------ LISTED RECORDS ------
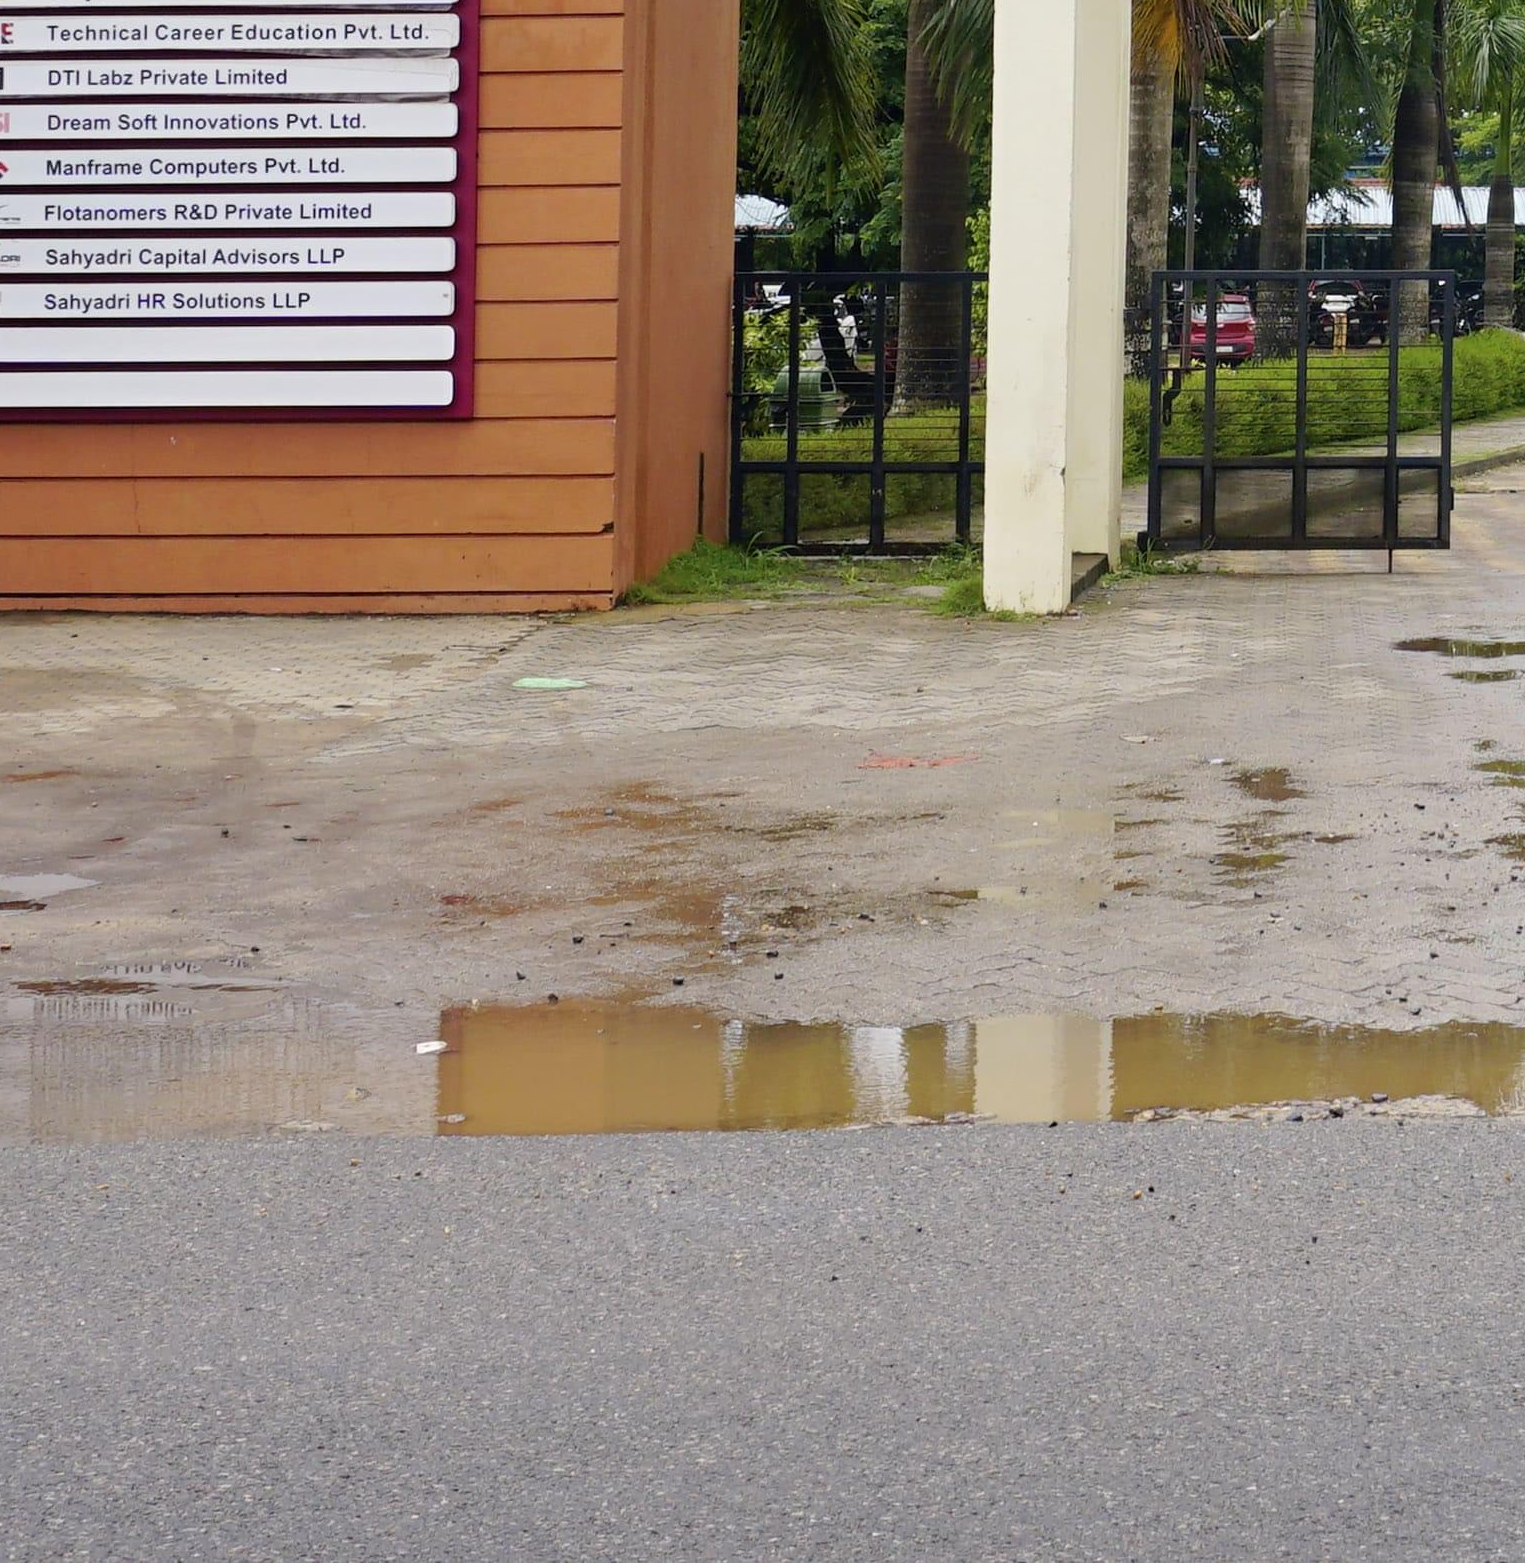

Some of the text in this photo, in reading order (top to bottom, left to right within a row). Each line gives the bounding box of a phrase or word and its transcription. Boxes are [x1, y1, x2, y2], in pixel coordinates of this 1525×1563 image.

[46, 23, 429, 42] Technical Career Education Pvt. Ltd.
[48, 68, 288, 86] DTI Labz Private Limited
[47, 113, 366, 131] Dream Soft Innovations Pvt. Ltd.
[46, 157, 345, 178] Manframe Computers Pvt. Ltd.
[44, 203, 372, 221] Flotanomers R&D Private Limited
[45, 248, 345, 270] Sahyadri Capital Advisors LLP
[44, 292, 311, 314] Sahyadri HR Solutions LLP
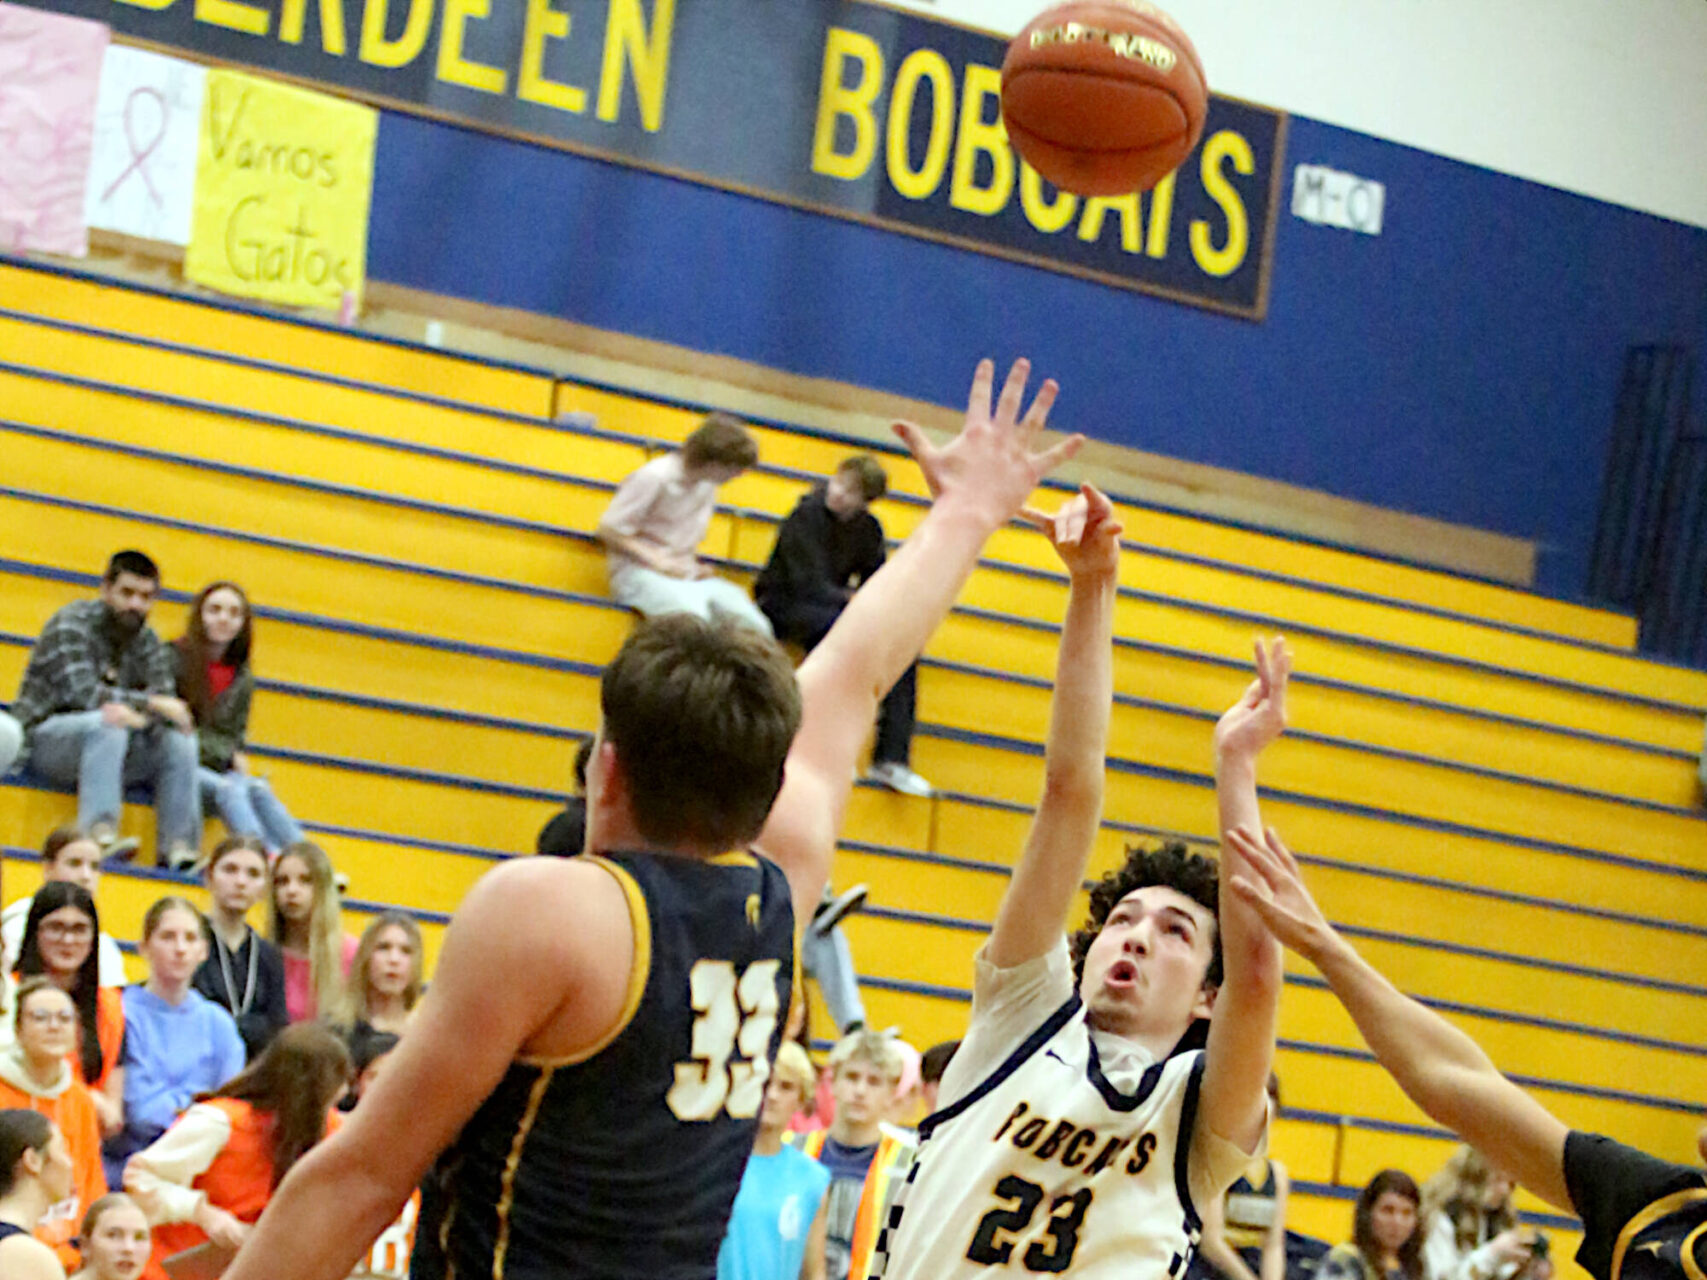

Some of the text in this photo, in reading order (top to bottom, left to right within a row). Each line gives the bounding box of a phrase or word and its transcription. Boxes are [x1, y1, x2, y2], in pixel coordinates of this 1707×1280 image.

[209, 80, 337, 188] Vamos
[225, 194, 351, 298] Gatos
[665, 957, 782, 1122] 33
[993, 1101, 1157, 1176] OBCAS
[966, 1174, 1094, 1274] 23
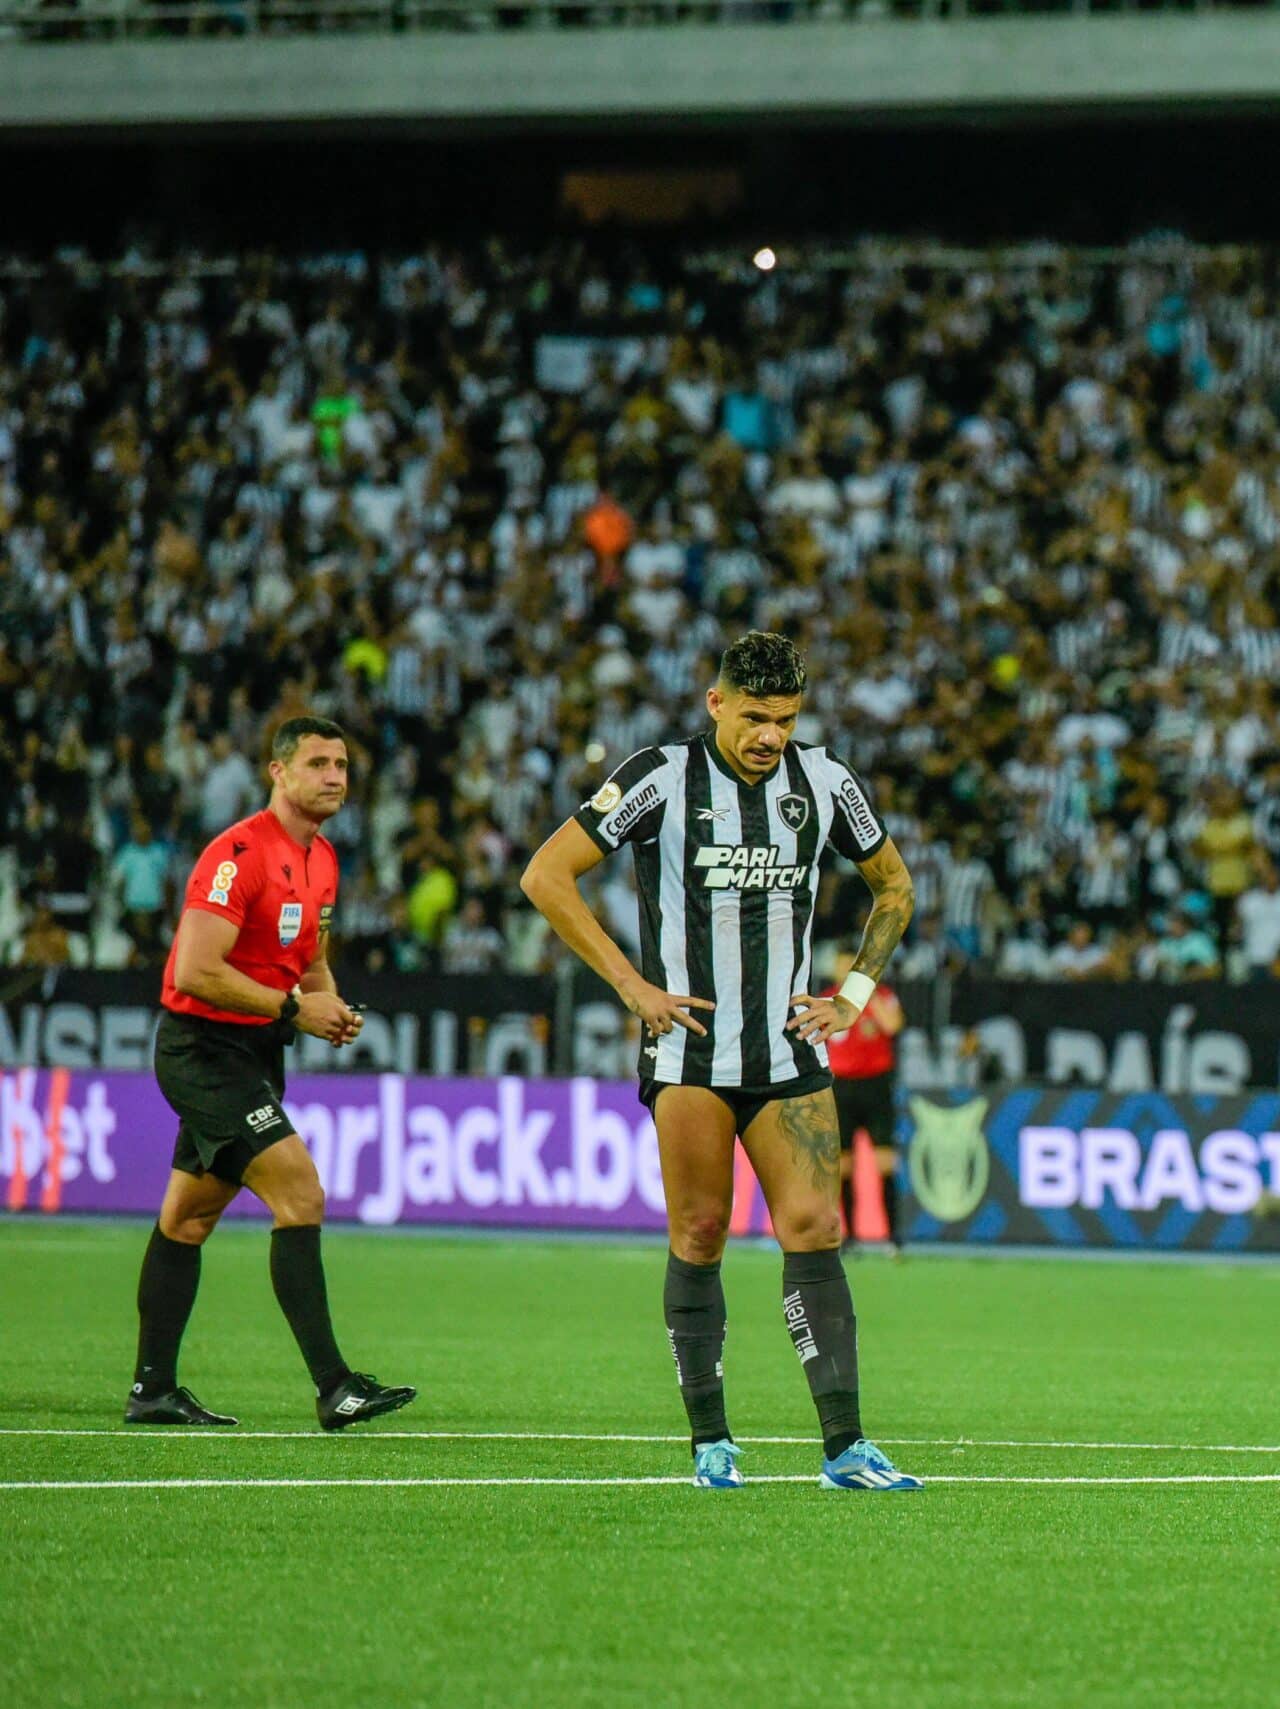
------
An exact copy of every entry, without pictures, should be your output.

OUTPUT OF THE EXERCISE:
Some of the text in this photo, in reading order (top to bottom, left to right within a row). Each line gives the bounding box of a phrase or word and its transcription. Boxes are [x1, y1, x2, y2], in pixel coordinates of this 1525×1563 image.

[46, 23, 429, 42] Technical Career Education Pvt. Ltd.
[48, 68, 288, 86] DTI Labz Private Limited
[47, 113, 366, 131] Dream Soft Innovations Pvt. Ltd.
[46, 157, 345, 178] Manframe Computers Pvt. Ltd.
[44, 203, 372, 221] Flotanomers R&D Private Limited
[45, 248, 345, 270] Sahyadri Capital Advisors LLP
[44, 292, 311, 314] Sahyadri HR Solutions LLP

Some of the text in this photo, in reading order (top to bottom, left to right within a row). Each line gives the bounding box of a phrase or word and its transcription. Boxes are [x1, y1, x2, y2], in pixel coordinates of this 1707×1280 image.

[209, 80, 337, 188] Vamos
[225, 194, 351, 298] Gatos
[665, 957, 782, 1122] 33
[993, 1101, 1157, 1176] OBCAS
[966, 1174, 1094, 1274] 23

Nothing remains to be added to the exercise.